Lessate la patata e schiacciarla con lo schiacciapatate o con i rebbi di una forchetta.
Preparare l'impasto di carne, patata, aglio, sale e pepe e ricavarne 12 mucchietti delle stesse dimensioni. Avvolgete ciascuna polpettina nelle foglie di verza e chiudetele a pacchetto, utilizzando spago da cucina oppure senza ripiegando bene le verze attorno alla carne mantenendo l'apertura sotto.
Tritare finemente la cipolla e metterne metà in una padella grande, che possa accogliere tutti gli involtini. Mettervi un dito d'acqua e olio extravergine di oliva e cuocere a fuoco basso, fino a che la cipolla non diventi trasparente e l'acqua evapori.

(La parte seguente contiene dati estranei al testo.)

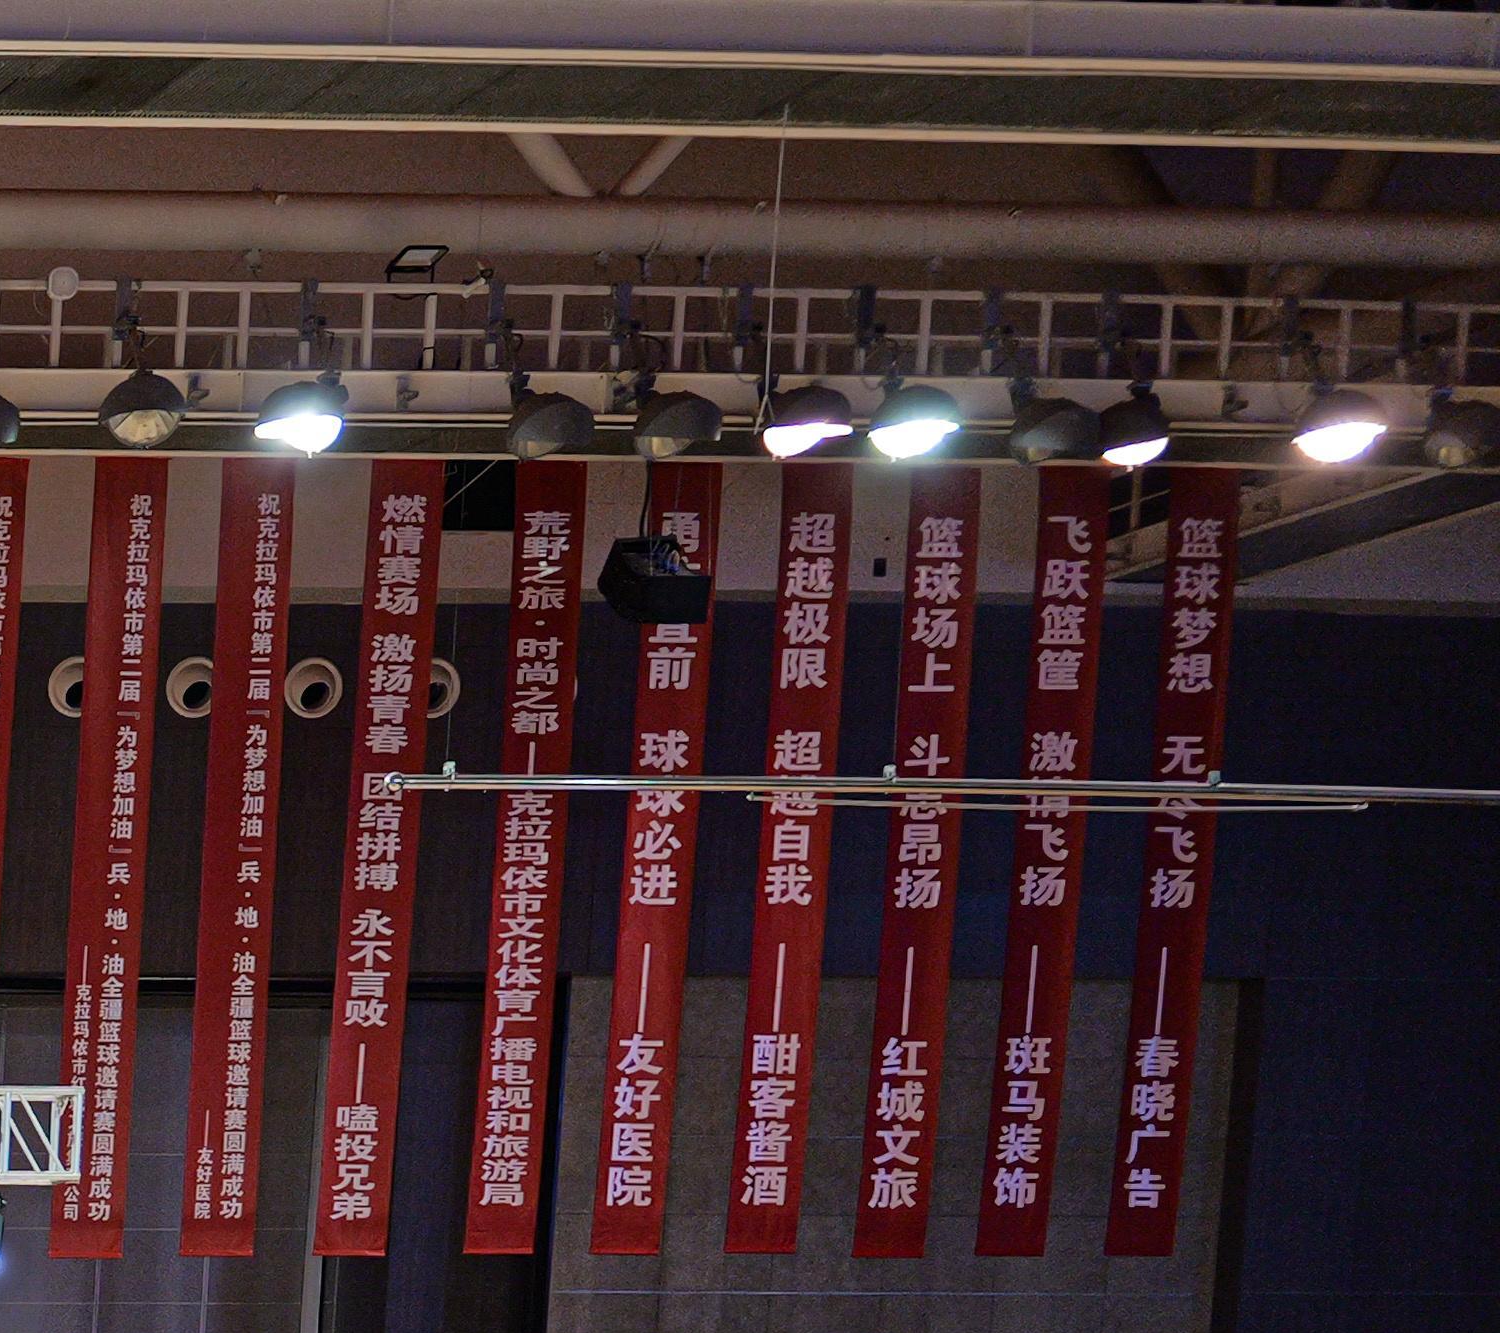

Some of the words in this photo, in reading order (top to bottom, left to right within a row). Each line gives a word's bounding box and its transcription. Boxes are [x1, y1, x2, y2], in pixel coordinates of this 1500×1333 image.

[373, 494, 426, 615] 燃情赛场
[646, 512, 701, 690] 勇前
[778, 512, 836, 690] 超越极限
[908, 516, 963, 693] 篮球场上
[1037, 516, 1092, 692] 飞跃篮筐
[1167, 517, 1223, 694] 篮球梦想
[365, 634, 416, 754] 激扬青春
[354, 772, 404, 892] 团结拼搏
[628, 729, 689, 906] 球球必进
[764, 730, 822, 906] 超越自我
[893, 734, 950, 910] 斗志昂扬
[1019, 732, 1078, 908] 激情飞扬
[1149, 735, 1205, 910] 无尽飞扬
[344, 909, 394, 1027] 永不言败
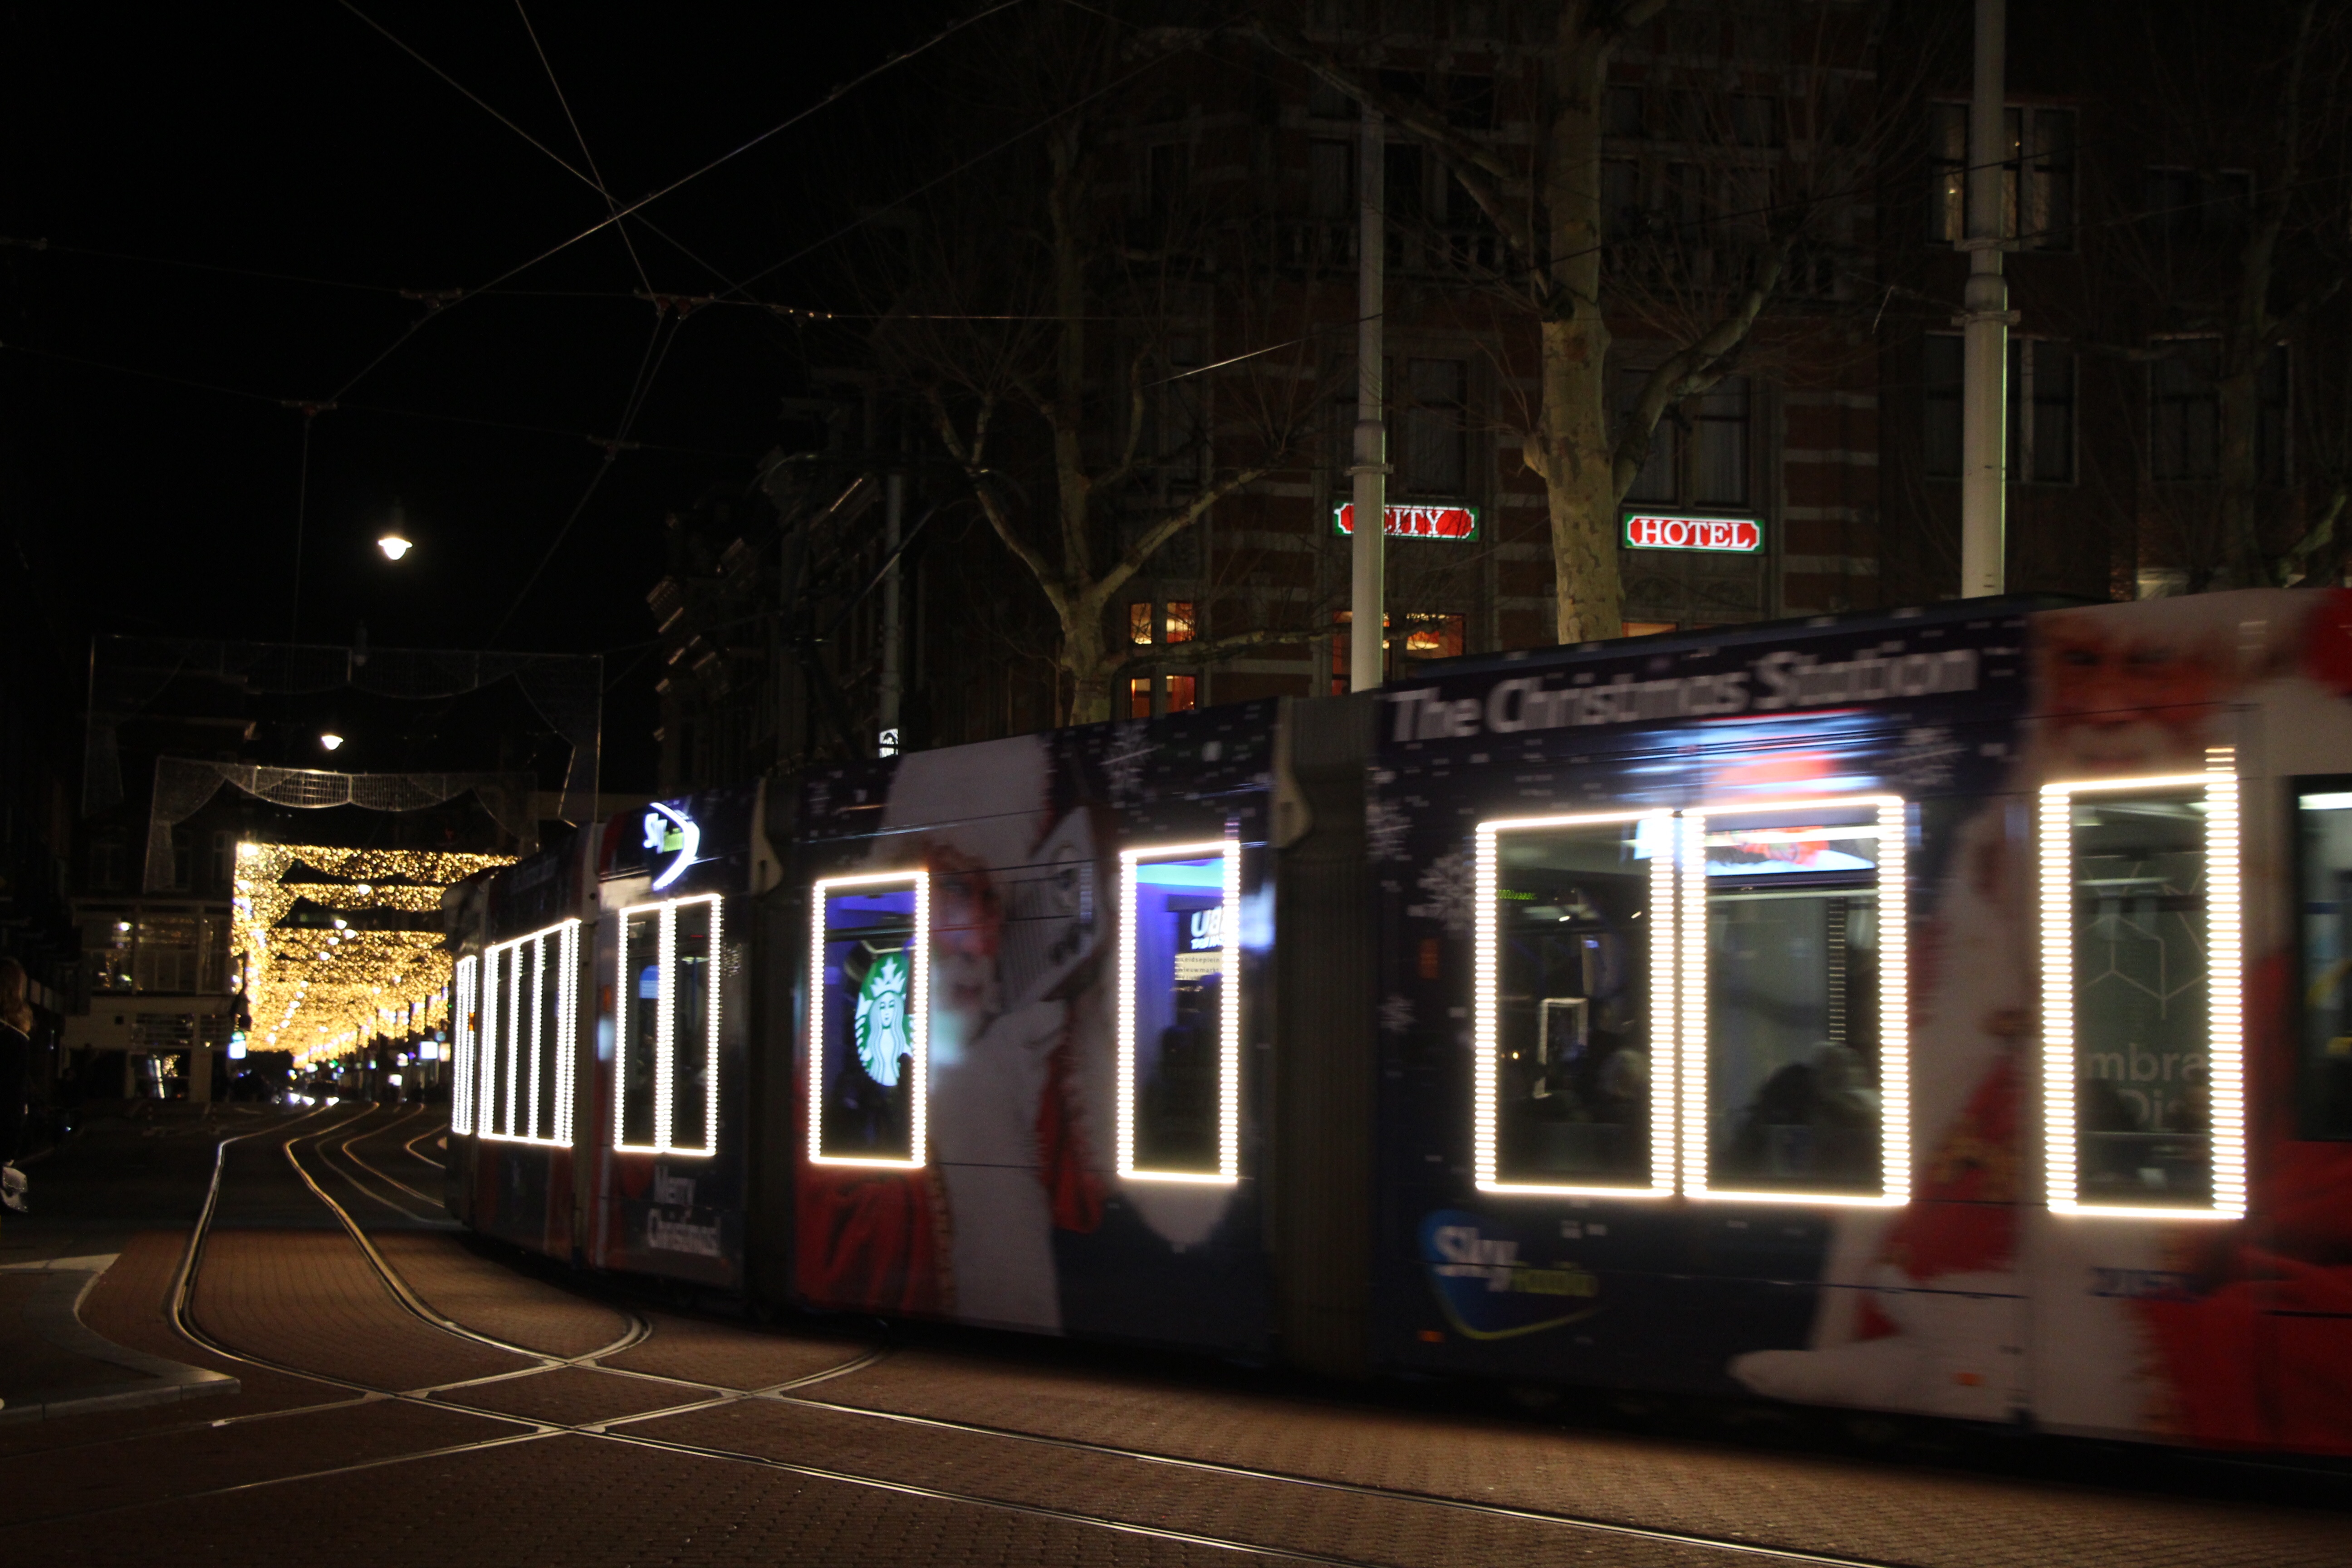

Adagiare gli involtini sul soffritto e portare a doratura su fuoco vivace, sfumare con il vino bianco e una volta evaporato l'alcool mettere la passata di pomodoro, regolate di sale e pepe e cuocete per 20 minuti a fiamma bassa girando gli involtini a metà cottura. In un'altra padella fate imbiondire l'altra metà della cipolla in poco olio e fate saltare i peperoni tagliati a cubetti fino a che non saranno teneri. Regolate di sale e pepe, aggiungete la curcuma poi frullateli e passate la crema in un colino a maglie strette.
Infilzare due o tre involtini in uno spiedino di legno, mettere un poco di salsa di peperone sul fondo di un piattino ed appoggiarci sopra lo spiedino. Guarnire con la salsa di pomodoro.

 
Con queste ricette partecipo alla sfida n.60 di MTChallenge dedicata alle tapas!